Before we get to any of this, however, let’s define what exactly IS a histogram of raw data?

Note: If you know what a histogram is, and know the difference between the histogram on the back of the camera and the histogram of the raw data, feel free to skip to the next part. But maybe even if you think you know all about the histograms the below is worth reading.

Say we took a shot with a digital camera. Opening the shot in a raw converter we will see something like this:

Figure 1.

It is a rendition of the raw data, not the raw data itself. When we shoot in RAW, then, if we use the common meaning of “picture” (as in something that can be directly viewed), there is none. What there is a set of RAW values, which are measurements of light, as if the sensor is composed of many light meters – one at each pixel location. Each value in the set is nearly (less noise, flare, and effects at deep shadows and extreme highlights) directly proportional to the value of the light intensity, measured by the corresponding pixels of the camera sensor during exposure.
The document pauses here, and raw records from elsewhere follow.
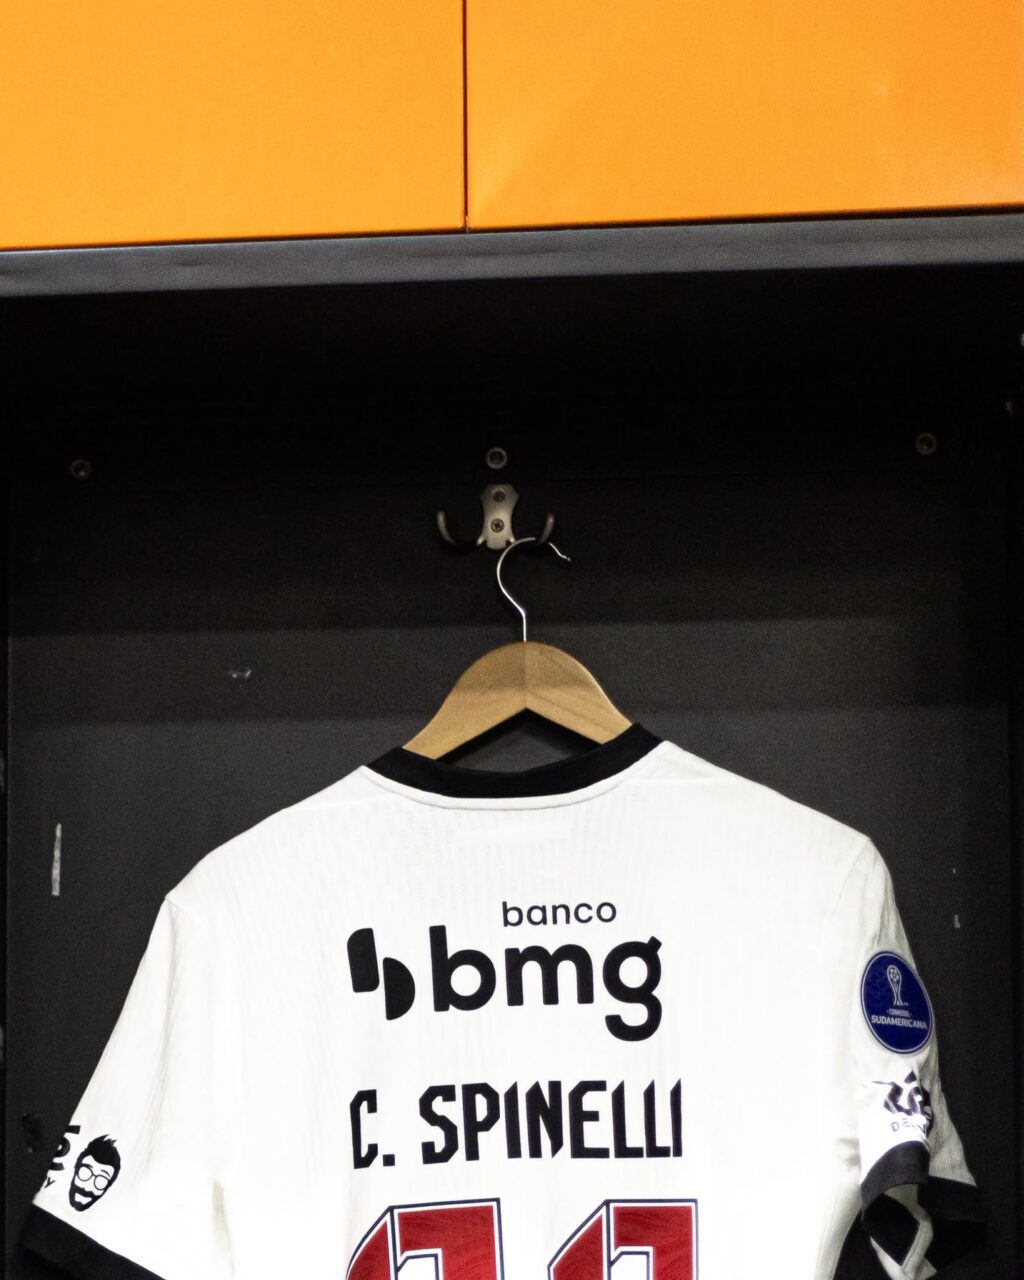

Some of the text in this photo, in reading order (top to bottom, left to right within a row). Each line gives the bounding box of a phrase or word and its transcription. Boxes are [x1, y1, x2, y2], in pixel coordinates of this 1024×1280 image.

[502, 901, 617, 927] banco
[429, 924, 662, 1042] bmg
[871, 1015, 928, 1030] SUDAMERICANA
[350, 1078, 683, 1169] C. SPINELLI
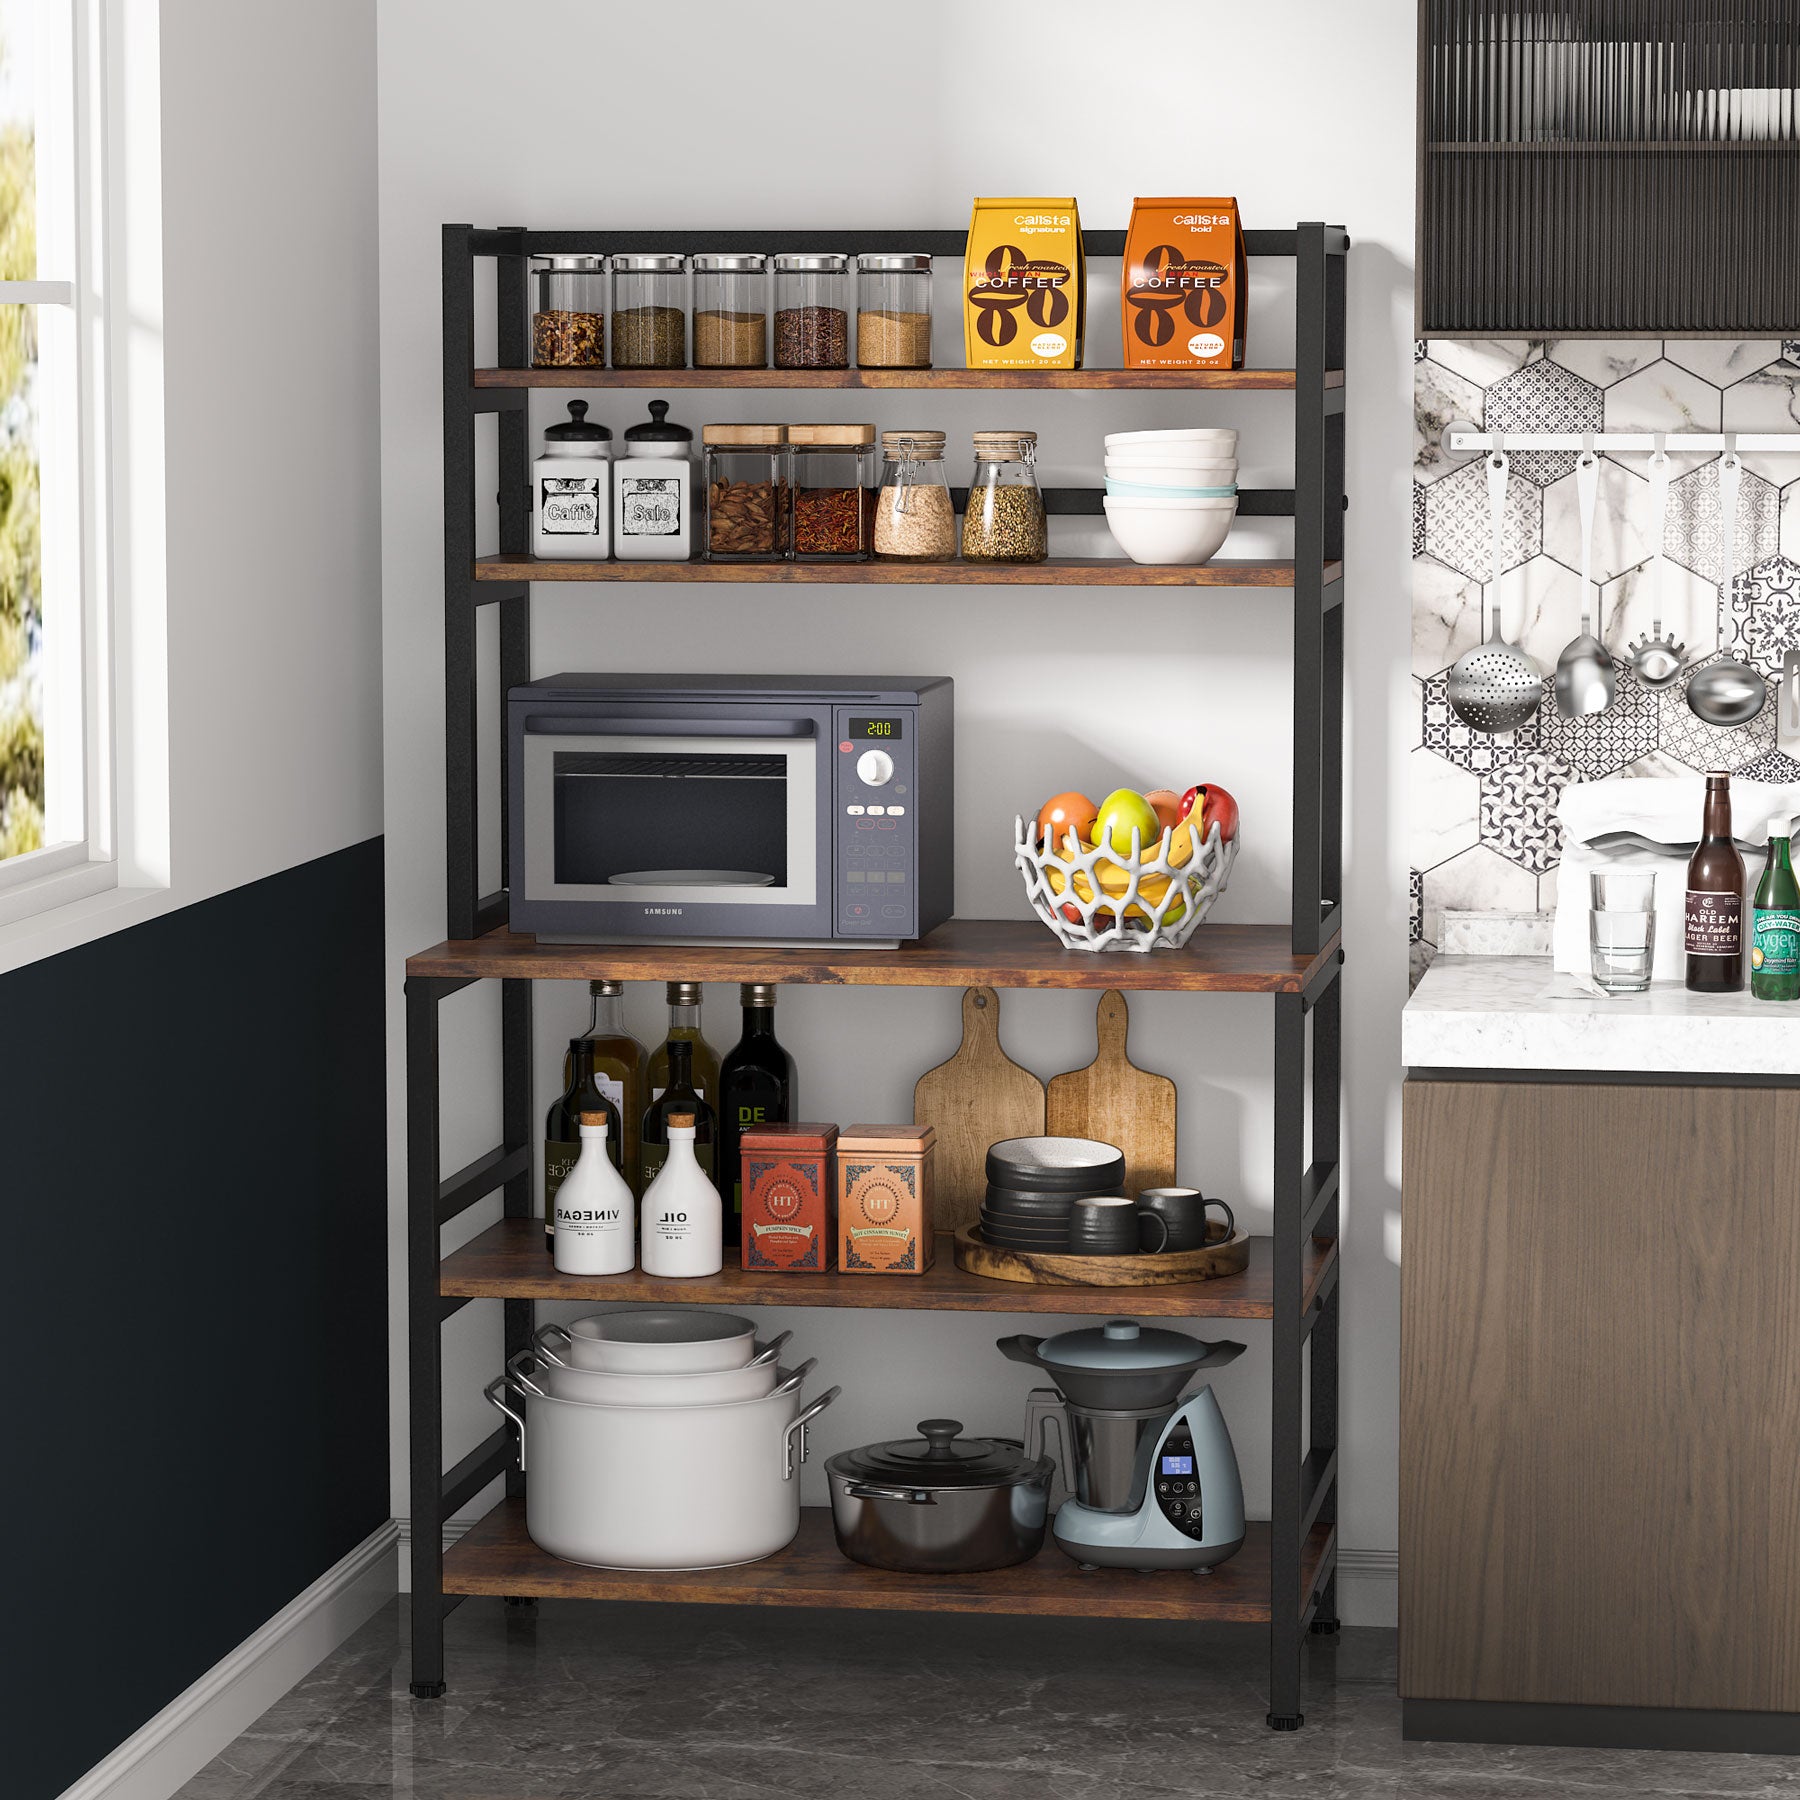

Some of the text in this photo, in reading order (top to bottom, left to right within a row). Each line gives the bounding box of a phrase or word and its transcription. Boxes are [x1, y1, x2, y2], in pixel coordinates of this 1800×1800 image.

[1019, 226, 1066, 235] signature
[1155, 263, 1230, 273] fresh roasted
[975, 277, 1064, 288] COFFEE
[1133, 277, 1221, 288] COFFEE
[633, 505, 671, 521] Sale
[867, 722, 891, 735] 2:00
[1685, 912, 1739, 924] HAREEM
[1707, 925, 1730, 934] Label
[1685, 933, 1738, 942] AGER BEER
[738, 1107, 766, 1122] DE
[773, 1196, 794, 1207] HT
[870, 1199, 891, 1210] HT
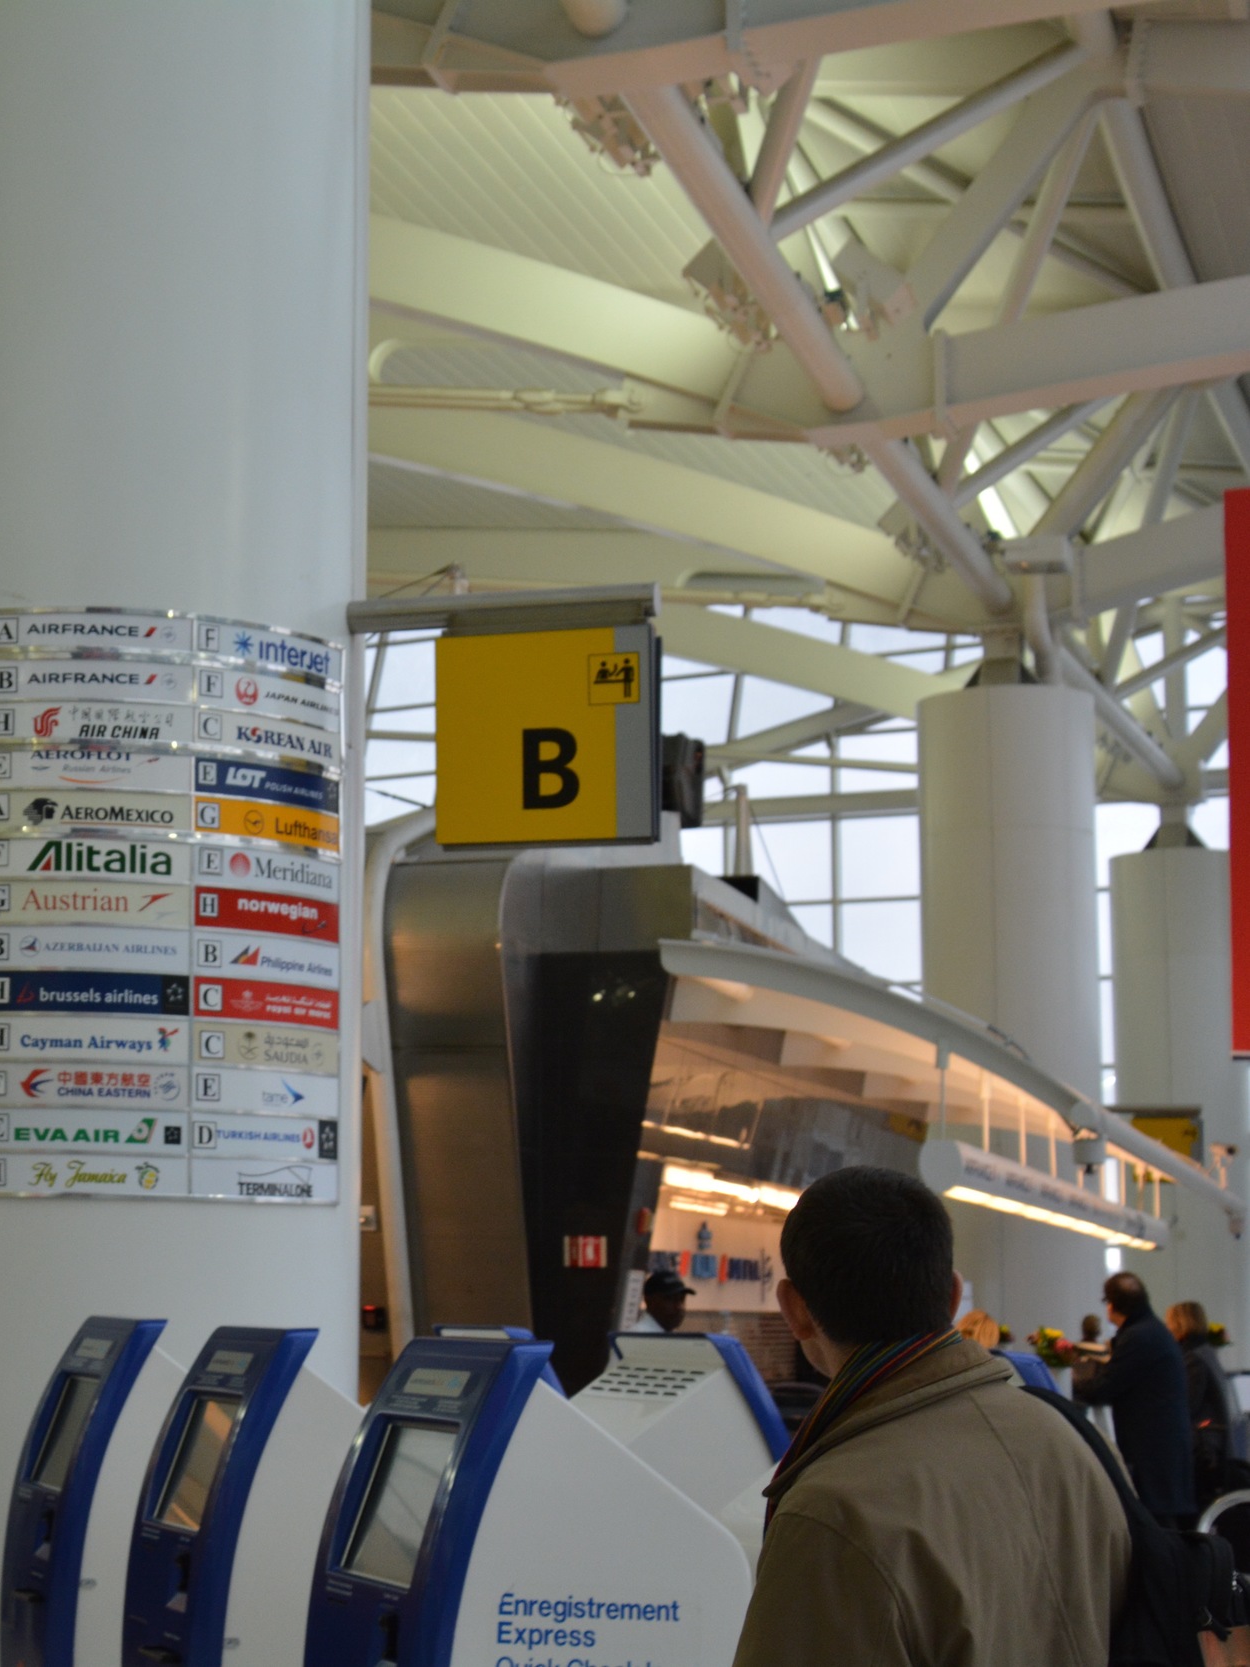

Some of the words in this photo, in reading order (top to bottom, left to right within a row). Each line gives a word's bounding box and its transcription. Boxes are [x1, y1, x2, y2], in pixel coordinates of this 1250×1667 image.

[27, 623, 139, 637] AIRFRANCE
[205, 628, 216, 648] F
[258, 640, 331, 675] interjet
[27, 672, 139, 685] AIRFRANCE
[206, 674, 218, 693] F
[265, 691, 298, 704] JAPAN
[79, 724, 107, 738] AIR
[111, 725, 160, 739] CHINA
[203, 717, 218, 736] C
[237, 726, 305, 752] KOREAN
[307, 739, 333, 758] AIR
[30, 750, 131, 761] AEROFLOT
[62, 763, 95, 773] Russian
[100, 764, 132, 774] Airlines
[202, 764, 214, 782] E
[225, 767, 267, 788] LOT
[522, 727, 580, 810] B
[264, 781, 292, 792] POLISH
[293, 787, 323, 800] AIRLINES
[200, 805, 216, 825] G
[275, 817, 338, 844] Lufthansa
[27, 840, 172, 876] Alitalia
[206, 853, 218, 870] E
[254, 857, 333, 889] Meridiana
[22, 888, 129, 912] Austrian
[202, 897, 215, 913] H
[238, 898, 319, 920] norwegian
[44, 942, 119, 952] AZERBAIJAN
[123, 944, 177, 956] AIRLINES
[203, 944, 217, 963] B
[260, 956, 305, 972] Philippine
[306, 962, 333, 977] Airlines
[40, 987, 101, 1003] brussels
[104, 989, 159, 1005] airlines
[203, 987, 218, 1007] C
[20, 1034, 83, 1051] Cayman
[87, 1036, 152, 1053] Airways
[205, 1035, 221, 1055] C
[264, 1049, 309, 1065] SAUDIA
[57, 1087, 94, 1097] CHINA
[98, 1087, 151, 1098] EASTERN
[203, 1078, 216, 1097] E
[14, 1127, 69, 1141] EVA
[72, 1128, 120, 1143] AIR
[198, 1125, 213, 1145] D
[216, 1130, 261, 1141] TURKISH
[262, 1131, 301, 1143] AIRLINES
[28, 1162, 58, 1187] Fly
[65, 1160, 128, 1188] Jamaica
[498, 1593, 680, 1623] Enregistrement
[497, 1621, 597, 1650] Express
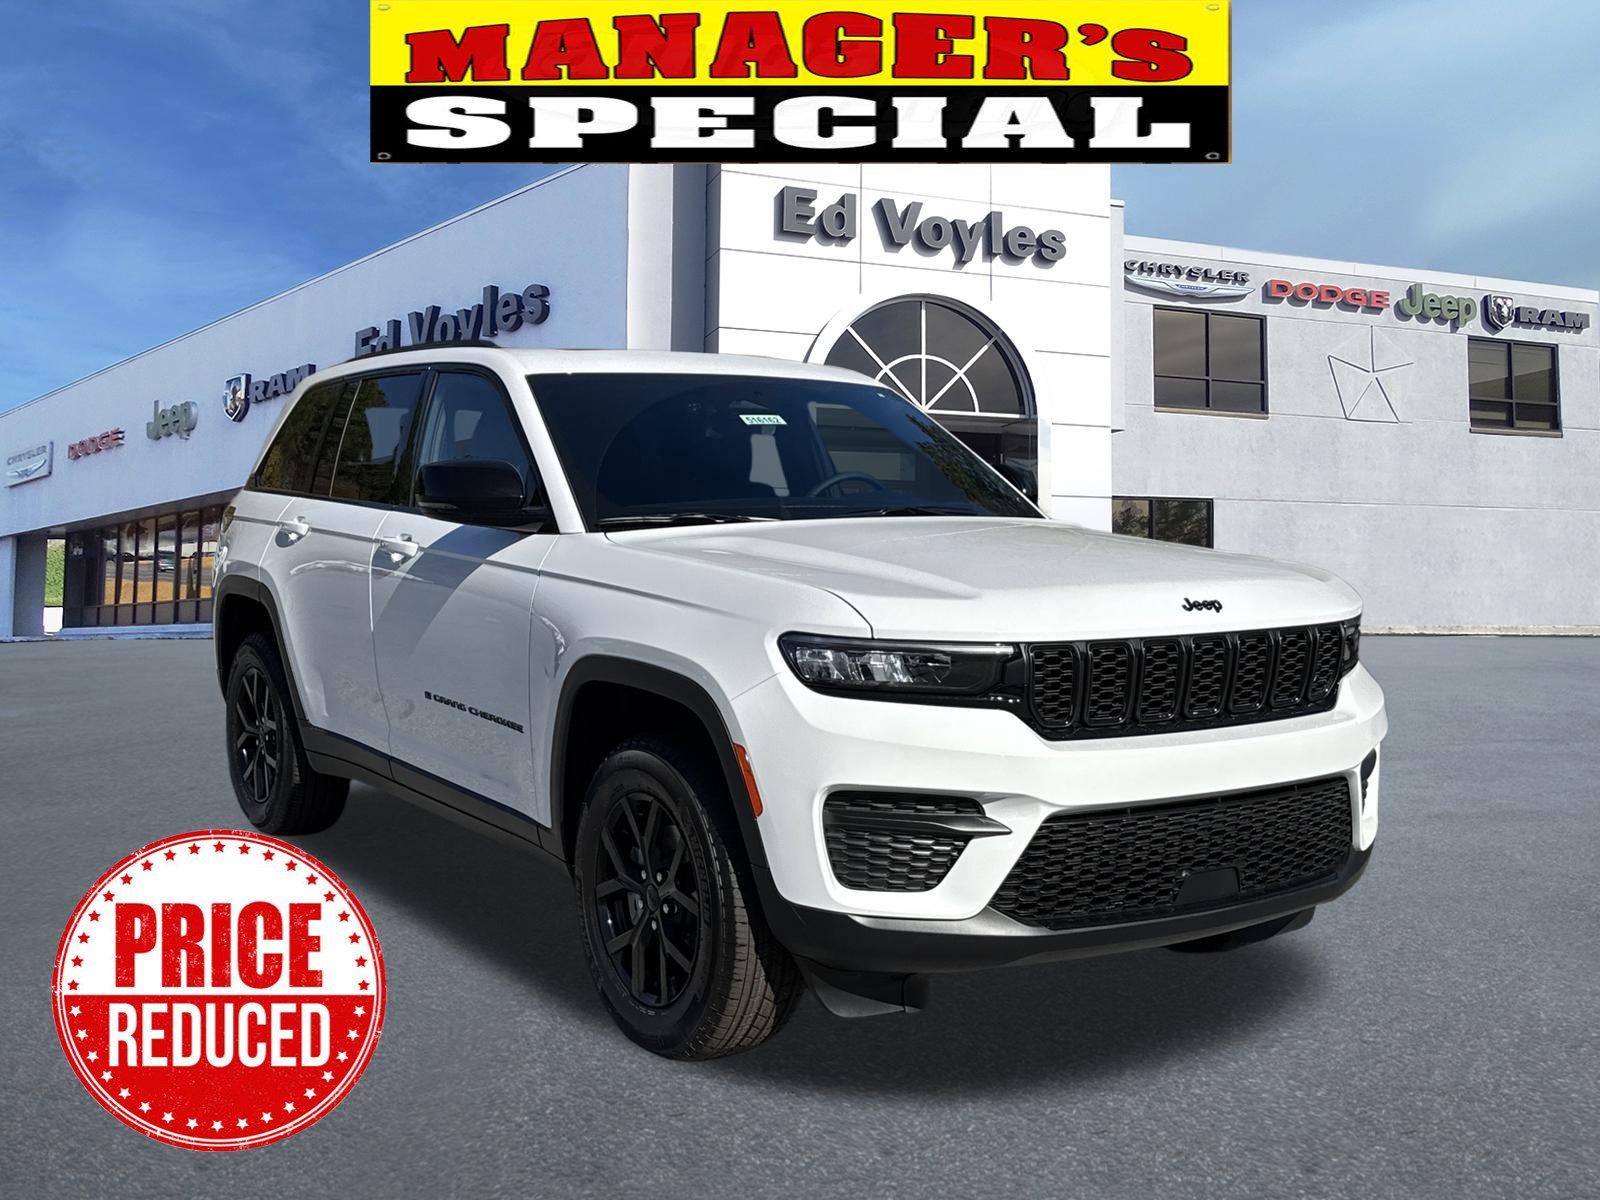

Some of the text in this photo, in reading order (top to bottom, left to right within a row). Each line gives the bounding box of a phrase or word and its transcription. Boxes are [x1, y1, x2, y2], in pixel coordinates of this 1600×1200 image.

As with any measurement device, light measurements here are also only within the certain range (the ranges can be switched, that is where the ISO setting often comes to play). Suppose that the camera we used is a 12-bit one. For a 12-bit camera (when we say 12-bit we mean the camera has a 12-bit analog-to-digital converter, ADC) RAW data for every pixel can assume values ranging from 0 (the pixel was not affected by light in any way or the effect was below the lower limit of the range) to 212 -1 = 4095 (the RAW data for the pixel has been clipped, or the pixel being saturated - that is, the pixel charge is above the upper limit of the range). In real life a 12-bit camera may not reach 4095 maximum even for a grossly overexposed shot; also, some cameras we consider to be 12-bit may have maximum values slightly larger than 4095. Those are by design, depending on particular hardware and firmware implementations. Even for the same sensor various camera makes and models can have different maximum values.

Note: maximum value may depend on ISO setting. It is worth to determine maximum values for your camera for each ISO setting, including "intermediate" settings, that will help you with understanding how your camera light meter is calibrated, where the camera places the midtone, and how much headroom you have above the midtone.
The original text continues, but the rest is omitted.